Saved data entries
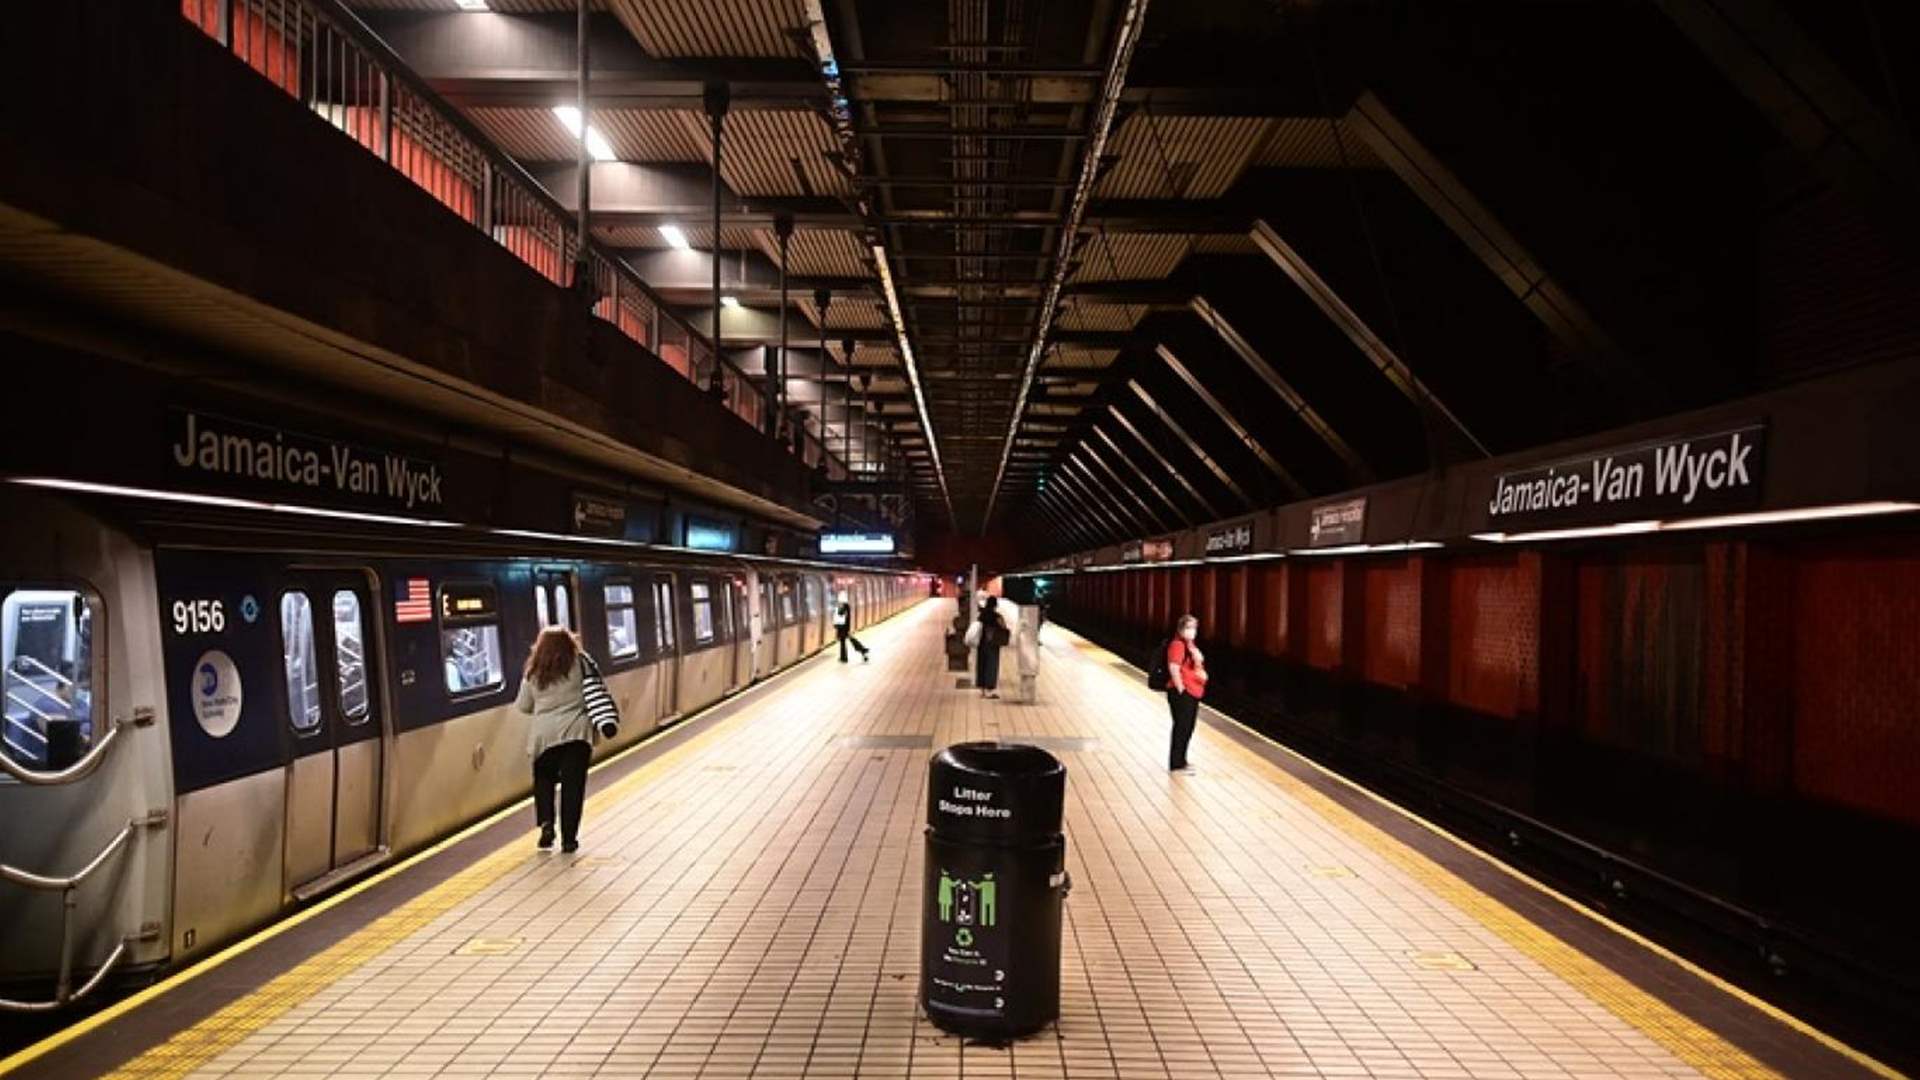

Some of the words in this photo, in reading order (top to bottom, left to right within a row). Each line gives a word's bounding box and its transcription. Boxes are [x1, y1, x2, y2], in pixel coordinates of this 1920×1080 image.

[174, 413, 379, 494] Jamaica-Van
[385, 455, 442, 507] Wyck
[1489, 457, 1644, 514] Jamaica-Van
[1656, 433, 1752, 504] Wyck
[172, 600, 225, 633] 9156
[442, 594, 451, 616] E
[953, 786, 993, 801] Litter
[976, 804, 1012, 818] Here

[What to produce]
Set down the data again, exactly, without images.

[Problem solution]
Some of the words in this photo, in reading order (top to bottom, left to right within a row). Each line gives a word's bounding box and its transcription. Boxes are [x1, y1, x2, y2], in pixel coordinates of this 1920×1080 image.

[174, 413, 379, 494] Jamaica-Van
[385, 455, 442, 507] Wyck
[1489, 457, 1644, 514] Jamaica-Van
[1656, 433, 1752, 504] Wyck
[172, 600, 225, 633] 9156
[442, 594, 451, 616] E
[953, 786, 993, 801] Litter
[976, 804, 1012, 818] Here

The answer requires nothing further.